== Segment start ==

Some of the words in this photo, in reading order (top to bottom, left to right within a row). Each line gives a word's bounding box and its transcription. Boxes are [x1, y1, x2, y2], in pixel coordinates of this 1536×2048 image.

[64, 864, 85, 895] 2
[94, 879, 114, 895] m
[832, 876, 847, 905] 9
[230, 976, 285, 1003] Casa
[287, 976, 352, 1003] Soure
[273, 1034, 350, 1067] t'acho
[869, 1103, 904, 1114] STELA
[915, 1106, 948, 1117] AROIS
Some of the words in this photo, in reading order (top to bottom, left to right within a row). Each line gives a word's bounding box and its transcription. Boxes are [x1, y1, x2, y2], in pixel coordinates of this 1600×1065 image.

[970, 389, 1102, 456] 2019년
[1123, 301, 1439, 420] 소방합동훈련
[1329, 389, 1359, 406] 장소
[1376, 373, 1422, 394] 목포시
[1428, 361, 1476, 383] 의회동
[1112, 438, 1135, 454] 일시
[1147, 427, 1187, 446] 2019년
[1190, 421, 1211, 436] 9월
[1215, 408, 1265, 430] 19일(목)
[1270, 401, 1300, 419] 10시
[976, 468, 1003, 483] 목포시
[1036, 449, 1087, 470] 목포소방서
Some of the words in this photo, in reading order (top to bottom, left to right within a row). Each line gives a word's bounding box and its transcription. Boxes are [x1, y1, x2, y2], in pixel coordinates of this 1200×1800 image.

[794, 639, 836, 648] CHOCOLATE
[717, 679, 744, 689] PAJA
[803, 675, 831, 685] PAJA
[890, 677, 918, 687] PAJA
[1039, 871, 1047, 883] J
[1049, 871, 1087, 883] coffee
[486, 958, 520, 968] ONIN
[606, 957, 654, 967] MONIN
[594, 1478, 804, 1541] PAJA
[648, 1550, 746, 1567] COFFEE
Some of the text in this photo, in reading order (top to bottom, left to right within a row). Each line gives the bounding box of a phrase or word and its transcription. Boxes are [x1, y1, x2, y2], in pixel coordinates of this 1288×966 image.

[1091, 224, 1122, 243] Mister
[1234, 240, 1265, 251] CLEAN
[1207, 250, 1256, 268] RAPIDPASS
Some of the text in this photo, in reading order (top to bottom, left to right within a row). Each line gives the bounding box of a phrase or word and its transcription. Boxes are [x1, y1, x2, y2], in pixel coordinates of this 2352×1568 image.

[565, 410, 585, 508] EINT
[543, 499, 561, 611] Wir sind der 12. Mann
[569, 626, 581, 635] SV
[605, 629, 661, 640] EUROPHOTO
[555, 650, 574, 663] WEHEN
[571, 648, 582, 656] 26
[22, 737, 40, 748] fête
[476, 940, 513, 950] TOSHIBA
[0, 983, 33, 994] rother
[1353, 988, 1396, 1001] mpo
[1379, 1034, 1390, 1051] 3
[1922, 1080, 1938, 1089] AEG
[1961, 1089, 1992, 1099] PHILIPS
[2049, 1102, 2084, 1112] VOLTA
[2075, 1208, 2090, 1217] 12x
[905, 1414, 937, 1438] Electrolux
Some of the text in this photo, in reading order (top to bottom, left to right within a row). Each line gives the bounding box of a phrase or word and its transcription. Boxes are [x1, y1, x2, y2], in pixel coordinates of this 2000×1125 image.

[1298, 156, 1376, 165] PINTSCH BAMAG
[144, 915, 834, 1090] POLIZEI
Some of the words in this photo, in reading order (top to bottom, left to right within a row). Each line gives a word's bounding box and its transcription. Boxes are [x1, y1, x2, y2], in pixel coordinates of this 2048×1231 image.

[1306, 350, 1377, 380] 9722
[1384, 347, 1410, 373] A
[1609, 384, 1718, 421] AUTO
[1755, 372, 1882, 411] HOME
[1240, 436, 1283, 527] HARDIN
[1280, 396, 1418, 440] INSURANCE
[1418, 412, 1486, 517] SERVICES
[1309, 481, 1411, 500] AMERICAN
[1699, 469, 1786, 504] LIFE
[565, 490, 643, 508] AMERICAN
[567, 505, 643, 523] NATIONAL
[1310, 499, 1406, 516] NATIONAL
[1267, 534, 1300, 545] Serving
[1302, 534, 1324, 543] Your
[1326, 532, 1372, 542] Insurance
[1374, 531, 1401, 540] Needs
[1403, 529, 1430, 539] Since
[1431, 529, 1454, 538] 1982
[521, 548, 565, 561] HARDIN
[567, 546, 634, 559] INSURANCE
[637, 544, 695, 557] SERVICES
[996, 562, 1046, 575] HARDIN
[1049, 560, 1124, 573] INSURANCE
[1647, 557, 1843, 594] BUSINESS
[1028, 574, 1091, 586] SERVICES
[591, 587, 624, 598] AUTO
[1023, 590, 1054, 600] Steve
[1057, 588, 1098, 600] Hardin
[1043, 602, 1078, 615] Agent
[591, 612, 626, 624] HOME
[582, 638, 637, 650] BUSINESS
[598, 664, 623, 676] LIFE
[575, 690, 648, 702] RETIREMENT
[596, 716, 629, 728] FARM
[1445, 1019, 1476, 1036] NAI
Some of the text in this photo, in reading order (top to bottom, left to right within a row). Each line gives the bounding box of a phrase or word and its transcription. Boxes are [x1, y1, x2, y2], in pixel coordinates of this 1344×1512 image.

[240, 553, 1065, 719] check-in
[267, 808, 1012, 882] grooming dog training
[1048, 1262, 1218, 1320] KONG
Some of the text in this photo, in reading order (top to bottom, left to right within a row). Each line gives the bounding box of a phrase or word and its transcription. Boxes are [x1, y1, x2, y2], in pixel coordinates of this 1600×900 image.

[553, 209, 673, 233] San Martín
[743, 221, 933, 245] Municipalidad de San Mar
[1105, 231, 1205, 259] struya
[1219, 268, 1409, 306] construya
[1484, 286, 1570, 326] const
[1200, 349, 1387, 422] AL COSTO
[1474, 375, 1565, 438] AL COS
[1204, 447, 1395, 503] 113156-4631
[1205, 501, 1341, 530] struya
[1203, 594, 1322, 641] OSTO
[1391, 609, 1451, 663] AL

== Segment end ==

=== Task instructions ===
What is needed is an exact, complete copy of the entries above.

=== Exercise result ===
Some of the words in this photo, in reading order (top to bottom, left to right within a row). Each line gives a word's bounding box and its transcription. Boxes are [x1, y1, x2, y2], in pixel coordinates of this 1536×2048 image.

[64, 864, 85, 895] 2
[94, 879, 114, 895] m
[832, 876, 847, 905] 9
[230, 976, 285, 1003] Casa
[287, 976, 352, 1003] Soure
[273, 1034, 350, 1067] t'acho
[869, 1103, 904, 1114] STELA
[915, 1106, 948, 1117] AROIS
Some of the words in this photo, in reading order (top to bottom, left to right within a row). Each line gives a word's bounding box and its transcription. Boxes are [x1, y1, x2, y2], in pixel coordinates of this 1600×1065 image.

[970, 389, 1102, 456] 2019년
[1123, 301, 1439, 420] 소방합동훈련
[1329, 389, 1359, 406] 장소
[1376, 373, 1422, 394] 목포시
[1428, 361, 1476, 383] 의회동
[1112, 438, 1135, 454] 일시
[1147, 427, 1187, 446] 2019년
[1190, 421, 1211, 436] 9월
[1215, 408, 1265, 430] 19일(목)
[1270, 401, 1300, 419] 10시
[976, 468, 1003, 483] 목포시
[1036, 449, 1087, 470] 목포소방서
Some of the words in this photo, in reading order (top to bottom, left to right within a row). Each line gives a word's bounding box and its transcription. Boxes are [x1, y1, x2, y2], in pixel coordinates of this 1200×1800 image.

[794, 639, 836, 648] CHOCOLATE
[717, 679, 744, 689] PAJA
[803, 675, 831, 685] PAJA
[890, 677, 918, 687] PAJA
[1039, 871, 1047, 883] J
[1049, 871, 1087, 883] coffee
[486, 958, 520, 968] ONIN
[606, 957, 654, 967] MONIN
[594, 1478, 804, 1541] PAJA
[648, 1550, 746, 1567] COFFEE
Some of the text in this photo, in reading order (top to bottom, left to right within a row). Each line gives the bounding box of a phrase or word and its transcription. Boxes are [x1, y1, x2, y2], in pixel coordinates of this 1288×966 image.

[1091, 224, 1122, 243] Mister
[1234, 240, 1265, 251] CLEAN
[1207, 250, 1256, 268] RAPIDPASS
Some of the text in this photo, in reading order (top to bottom, left to right within a row). Each line gives the bounding box of a phrase or word and its transcription. Boxes are [x1, y1, x2, y2], in pixel coordinates of this 2352×1568 image.

[565, 410, 585, 508] EINT
[543, 499, 561, 611] Wir sind der 12. Mann
[569, 626, 581, 635] SV
[605, 629, 661, 640] EUROPHOTO
[555, 650, 574, 663] WEHEN
[571, 648, 582, 656] 26
[22, 737, 40, 748] fête
[476, 940, 513, 950] TOSHIBA
[0, 983, 33, 994] rother
[1353, 988, 1396, 1001] mpo
[1379, 1034, 1390, 1051] 3
[1922, 1080, 1938, 1089] AEG
[1961, 1089, 1992, 1099] PHILIPS
[2049, 1102, 2084, 1112] VOLTA
[2075, 1208, 2090, 1217] 12x
[905, 1414, 937, 1438] Electrolux
Some of the text in this photo, in reading order (top to bottom, left to right within a row). Each line gives the bounding box of a phrase or word and its transcription. Boxes are [x1, y1, x2, y2], in pixel coordinates of this 2000×1125 image.

[1298, 156, 1376, 165] PINTSCH BAMAG
[144, 915, 834, 1090] POLIZEI
Some of the words in this photo, in reading order (top to bottom, left to right within a row). Each line gives a word's bounding box and its transcription. Boxes are [x1, y1, x2, y2], in pixel coordinates of this 2048×1231 image.

[1306, 350, 1377, 380] 9722
[1384, 347, 1410, 373] A
[1609, 384, 1718, 421] AUTO
[1755, 372, 1882, 411] HOME
[1240, 436, 1283, 527] HARDIN
[1280, 396, 1418, 440] INSURANCE
[1418, 412, 1486, 517] SERVICES
[1309, 481, 1411, 500] AMERICAN
[1699, 469, 1786, 504] LIFE
[565, 490, 643, 508] AMERICAN
[567, 505, 643, 523] NATIONAL
[1310, 499, 1406, 516] NATIONAL
[1267, 534, 1300, 545] Serving
[1302, 534, 1324, 543] Your
[1326, 532, 1372, 542] Insurance
[1374, 531, 1401, 540] Needs
[1403, 529, 1430, 539] Since
[1431, 529, 1454, 538] 1982
[521, 548, 565, 561] HARDIN
[567, 546, 634, 559] INSURANCE
[637, 544, 695, 557] SERVICES
[996, 562, 1046, 575] HARDIN
[1049, 560, 1124, 573] INSURANCE
[1647, 557, 1843, 594] BUSINESS
[1028, 574, 1091, 586] SERVICES
[591, 587, 624, 598] AUTO
[1023, 590, 1054, 600] Steve
[1057, 588, 1098, 600] Hardin
[1043, 602, 1078, 615] Agent
[591, 612, 626, 624] HOME
[582, 638, 637, 650] BUSINESS
[598, 664, 623, 676] LIFE
[575, 690, 648, 702] RETIREMENT
[596, 716, 629, 728] FARM
[1445, 1019, 1476, 1036] NAI
Some of the text in this photo, in reading order (top to bottom, left to right within a row). Each line gives the bounding box of a phrase or word and its transcription. Boxes are [x1, y1, x2, y2], in pixel coordinates of this 1344×1512 image.

[240, 553, 1065, 719] check-in
[267, 808, 1012, 882] grooming dog training
[1048, 1262, 1218, 1320] KONG
Some of the text in this photo, in reading order (top to bottom, left to right within a row). Each line gives the bounding box of a phrase or word and its transcription. Boxes are [x1, y1, x2, y2], in pixel coordinates of this 1600×900 image.

[553, 209, 673, 233] San Martín
[743, 221, 933, 245] Municipalidad de San Mar
[1105, 231, 1205, 259] struya
[1219, 268, 1409, 306] construya
[1484, 286, 1570, 326] const
[1200, 349, 1387, 422] AL COSTO
[1474, 375, 1565, 438] AL COS
[1204, 447, 1395, 503] 113156-4631
[1205, 501, 1341, 530] struya
[1203, 594, 1322, 641] OSTO
[1391, 609, 1451, 663] AL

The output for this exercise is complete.